CHAPITRE 7 - NICHOLAS

36 3 0
                                    

- 7 -

Nicholas

J'emprunte la route qui conduit au restaurant, le cœur gagné par l'inquiétude. Depuis mon départ de chez Peter, la pluie a laissé place à un soleil radieux dont les reflets dorés ondulent sur l'étendue bleutée. Malgré le temps agréable, je ne peux m'ôter de la tête que ma mère me cache quelque chose.

L'établissement de mes parents se trouve en bord de plage, un bien qui leur est revenu après la mort de mon grand-père paternel. L'endroit est réputé pour sa convivialité et son accueil chaleureux. Mon père avait à peine quarante ans quand le sien succomba d'une crise cardiaque. Une tragédie pour notre famille et pour toute une communauté. On dit que l'âme du grand Boris Shelton vit toujours entre les murs de son établissement tel un capitaine veillant sur son navire : Le Shelton Break.

Je n'étais qu'un adolescent quand il nous a quittés, mais je garde de merveilleux souvenirs de nos parties de pêche et de nos soirées au coin du feu. J'adorais l'entendre nous conter les folles aventures et péripéties de sa jeunesse. Je lui enviais cette fougue et cette insouciance qu'il avait réussi à conserver malgré l'âge de la raison et de la sagesse. Il combinait le tout avec une ingéniosité et une intelligence qui le rendait aussi enrichissant qu'un livre de bibliothèque. Il avait la parole facile, le don de vous mettre à l'aise comme si vous le connaissiez depuis toujours. Il était l'ami et le confident de chaque habitant, toujours à l'écoute et prêt à vous tendre la main. Sa générosité et sa forte personnalité ont fait du Shelton Break un lieu incontournable et familial. Un lieu unique appartenant à tous.

Le restaurant est implanté sur un des décors les plus privilégiés de l'île, entre l'océan et le phare de Brant Point. À la nuit tombée, le spectacle est d'autant plus saisissant. La douce lumière du phare inonde la baie, bercée par le ressac s'étalant sur le rivage. Un paysage digne d'un catalogue d'agence de voyages. Je viens très souvent m'isoler au pied du brasero que mon père et moi avons construit sur la plage, à quelques pas du Shelton. J'aime admirer les vagues laper la grève, les voir se retirer pour revenir de nouveau cueillir et abandonner quelques coquillages.

Une fois sur place, je verrouille le pick-up et glisse les mains dans mes poches avant d'emprunter la passerelle en bois. Elle mène directement à la terrasse panoramique et aux grandes baies vitrées qui contournent et abritent le Shelton Break, offrant à ses clients une vue imprenable sur l'Atlantique.

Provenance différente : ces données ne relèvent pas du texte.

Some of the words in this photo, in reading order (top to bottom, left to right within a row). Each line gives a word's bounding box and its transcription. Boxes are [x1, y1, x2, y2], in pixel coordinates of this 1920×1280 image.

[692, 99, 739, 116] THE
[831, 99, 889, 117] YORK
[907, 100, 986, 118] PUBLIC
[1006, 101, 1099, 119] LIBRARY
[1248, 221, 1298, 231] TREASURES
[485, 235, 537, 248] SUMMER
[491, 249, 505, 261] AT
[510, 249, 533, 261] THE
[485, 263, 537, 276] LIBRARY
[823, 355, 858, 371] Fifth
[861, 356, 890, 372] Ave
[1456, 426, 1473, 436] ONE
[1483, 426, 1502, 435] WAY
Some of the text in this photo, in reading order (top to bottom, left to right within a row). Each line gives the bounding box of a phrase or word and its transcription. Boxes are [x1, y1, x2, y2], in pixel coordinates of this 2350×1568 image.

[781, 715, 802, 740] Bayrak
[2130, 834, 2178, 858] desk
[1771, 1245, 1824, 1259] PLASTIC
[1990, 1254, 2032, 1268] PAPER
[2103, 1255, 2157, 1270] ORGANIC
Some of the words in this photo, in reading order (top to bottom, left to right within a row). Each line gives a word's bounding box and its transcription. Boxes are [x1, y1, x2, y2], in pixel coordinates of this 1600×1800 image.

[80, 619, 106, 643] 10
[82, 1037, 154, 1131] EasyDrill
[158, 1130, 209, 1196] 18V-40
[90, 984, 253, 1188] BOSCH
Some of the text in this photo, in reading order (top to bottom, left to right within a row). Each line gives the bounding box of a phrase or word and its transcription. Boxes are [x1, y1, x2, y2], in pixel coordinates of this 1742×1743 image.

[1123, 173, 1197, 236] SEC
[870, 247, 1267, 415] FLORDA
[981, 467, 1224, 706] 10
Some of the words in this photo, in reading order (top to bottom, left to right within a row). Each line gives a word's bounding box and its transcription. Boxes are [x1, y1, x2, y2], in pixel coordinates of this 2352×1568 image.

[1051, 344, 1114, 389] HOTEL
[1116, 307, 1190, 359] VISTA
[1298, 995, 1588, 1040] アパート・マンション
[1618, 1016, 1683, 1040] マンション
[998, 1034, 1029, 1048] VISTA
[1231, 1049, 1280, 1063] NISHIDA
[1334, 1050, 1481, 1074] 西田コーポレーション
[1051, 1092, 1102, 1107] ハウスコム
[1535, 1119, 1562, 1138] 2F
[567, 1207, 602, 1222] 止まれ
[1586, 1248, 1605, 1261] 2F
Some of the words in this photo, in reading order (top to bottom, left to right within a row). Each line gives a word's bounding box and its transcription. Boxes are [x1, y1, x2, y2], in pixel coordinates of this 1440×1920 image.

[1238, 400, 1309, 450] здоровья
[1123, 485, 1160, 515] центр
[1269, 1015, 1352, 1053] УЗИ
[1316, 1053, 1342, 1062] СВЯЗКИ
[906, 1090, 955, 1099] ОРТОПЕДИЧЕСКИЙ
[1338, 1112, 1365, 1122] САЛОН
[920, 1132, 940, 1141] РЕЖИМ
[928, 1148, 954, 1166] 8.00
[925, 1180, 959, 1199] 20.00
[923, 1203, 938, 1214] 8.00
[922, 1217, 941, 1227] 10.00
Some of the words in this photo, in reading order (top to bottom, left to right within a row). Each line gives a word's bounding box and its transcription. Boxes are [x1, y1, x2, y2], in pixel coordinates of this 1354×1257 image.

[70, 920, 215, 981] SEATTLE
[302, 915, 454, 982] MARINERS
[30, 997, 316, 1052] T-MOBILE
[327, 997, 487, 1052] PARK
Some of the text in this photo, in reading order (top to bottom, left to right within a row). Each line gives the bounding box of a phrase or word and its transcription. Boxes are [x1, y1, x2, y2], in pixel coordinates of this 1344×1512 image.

Entourées de banquettes et de coussins en toile blanche, plusieurs tables carrées fabriquées dans un bois précieux sont disposées à l'extérieur, protégées par de larges parasols bleus bondi. Cette couleur si chère au cœur de mon grand-père, hommage à cette plage australienne où il y fit la rencontre de sa douce Céleste. Je n'ai pas eu la chance de connaître ma grand-mère, elle s'est éteinte quelques mois avant ma naissance. On y retrouve un peu partout le blason familial des Shelton, celui de l'ancre marine entourée d'un cordage d'amarrage.

Je salue Mme Wilson et son époux, des clients de longue date. Ils me gratifient d'un geste amical, et je leur souhaite un excellent appétit avant d'entrer dans le restaurant.

Le mobilier et la décoration sont similaires à ceux de l'extérieur, avec ses tables et ses banquettes chaleureuses et confortables. Un comptoir en bois blanchi habille et rythme le fond de l'établissement, centre névralgique du Shelton Break. Trois de nos serveurs s'affairent derrière le bar pour lancer les différentes commandes. D'autres attendent les entrées près du passe-plat, communiquant avec la cuisine. Comme chaque dimanche, le restaurant se remplit d'habitués et de touristes fraîchement débarqués pour la période estivale.

À droite du comptoir, je repère mes parents à la table réservée pour la direction et l'équipe. Un endroit plus intime et loin du brouhaha du service en salle. Nous nous y asseyons régulièrement pour déjeuner ou échanger avec le personnel, autour d'un verre ou d'une savoureuse pâtisserie. Une tradition à laquelle mon grand-père tenait particulièrement à faire respecter et que nous honorons depuis sa disparition.